Normal Blood Pressure NZ: Chart by Age & Guidelines
If you’ve ever finished a GP visit and wished you’d asked more about that blood pressure reading on the screen, you’re not alone. The Heart Foundation NZ says an ideal reading is 120/80 mmHg or lower, but what counts as “normal” shifts depending on your age, your cardiovascular risk, and whether you’re already on medication. This guide walks through what those numbers mean in plain terms, using New Zealand guidelines from the Heart Foundation and bpacnz.
Normal blood pressure: 120/80 mmHg or lower · Target for medicated: 130/80 mmHg or below · Normal diastolic: 70-80 mmHg · NZ Heart Foundation ideal: 120/80 mmHg
Quick snapshot
- Ideal blood pressure is 120/80 mmHg or lower (Heart Foundation NZ)
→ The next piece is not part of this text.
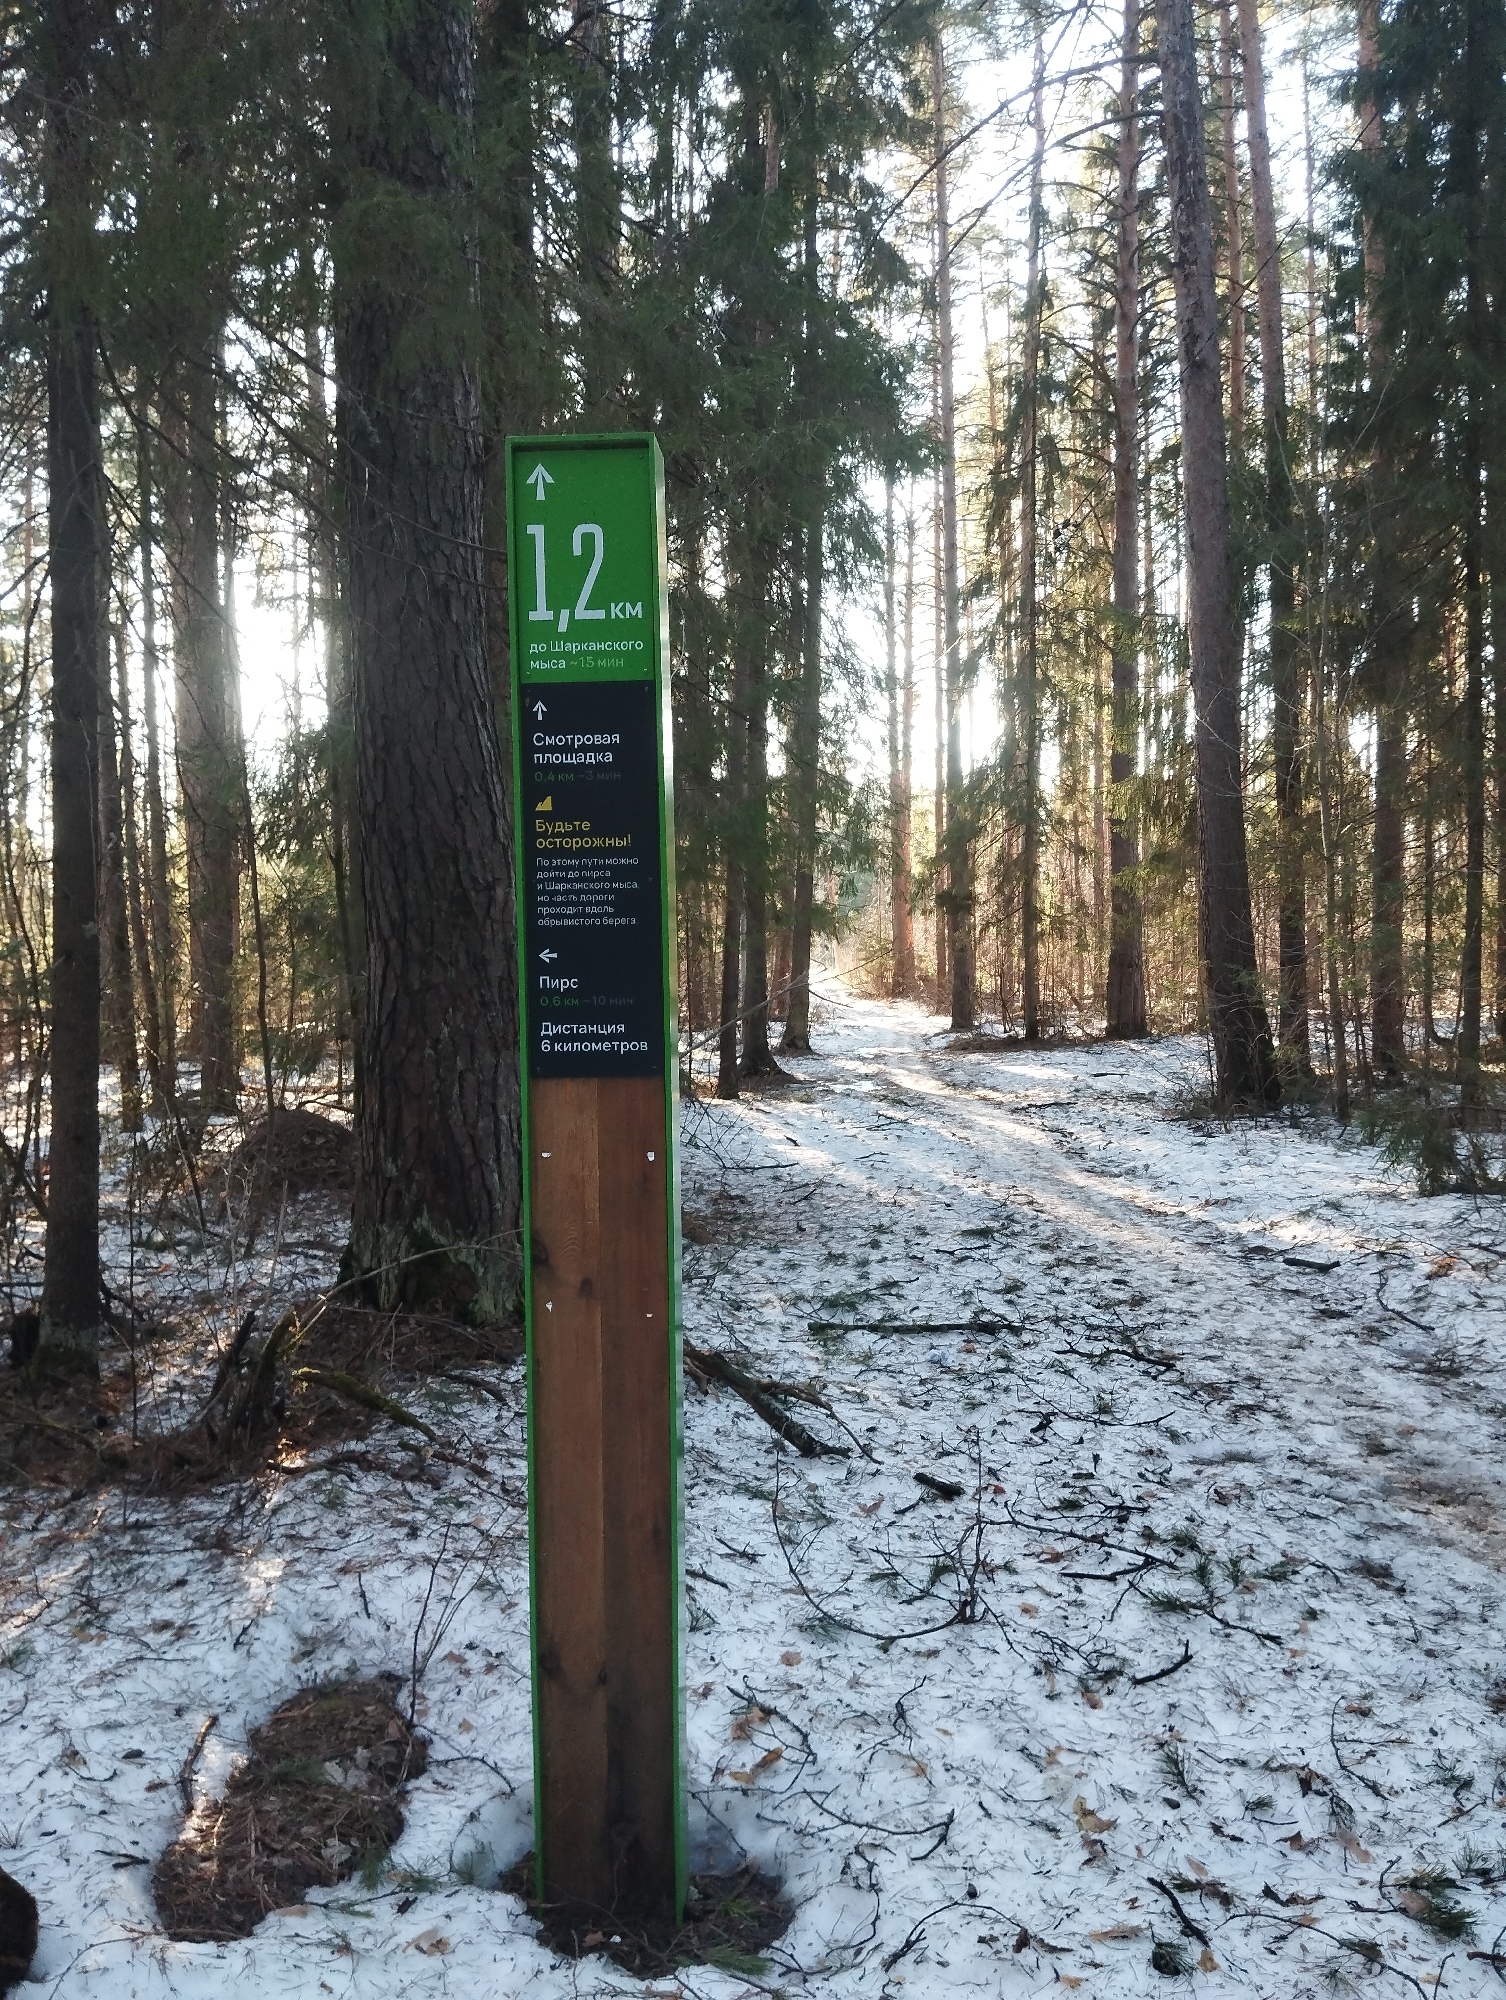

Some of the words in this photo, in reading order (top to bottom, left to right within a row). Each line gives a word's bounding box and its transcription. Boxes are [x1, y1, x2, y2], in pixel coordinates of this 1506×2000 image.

- Treatment target for those on medication is 130/80 mmHg or below (bpacnz)
- Diastolic target is generally 70-79 mmHg (bpacnz)
- Exact stroke-level threshold varies by individual cardiovascular risk profile
- Emergency care protocols apply once BP exceeds 180/120 mmHg
- bpacnz 2023 update introduced elevated BP category (120-139/70-89 mmHg) and new systolic targets of 120-129 mmHg for treated patients
- NZ Ministry of Health 2018 guidelines set clinic BP target below 130/80 mmHg for most people
These NZ blood pressure thresholds reflect the most current guidance from major health organisations.
| Label | Value | Source |
|---|---|---|
| NZ Ideal BP | 120/80 mmHg | Heart Foundation NZ |
| Medicated Target | 130/80 mmHg | bpacnz |
| Diastolic Normal | 70-80 mmHg | bpacnz |
| Typical Adult | 120/80 mmHg | Heart Foundation NZ |
| NZ Hypertension | ≥140/90 mmHg | bpacnz |
| CVD Risk Age (Males) | 45 years | bpacnz |
| CVD Risk Age (Females) | 55 years | bpacnz |
What is a good blood pressure according to age?
Blood pressure isn’t a single number that works the same for everyone — it shifts across the lifespan, and New Zealand guidelines account for that through cardiovascular (CVD) risk thresholds rather than a strict age-by-age chart. For most adults under 60, an ideal reading sits at or below 120/80 mmHg, according to the Heart Foundation NZ.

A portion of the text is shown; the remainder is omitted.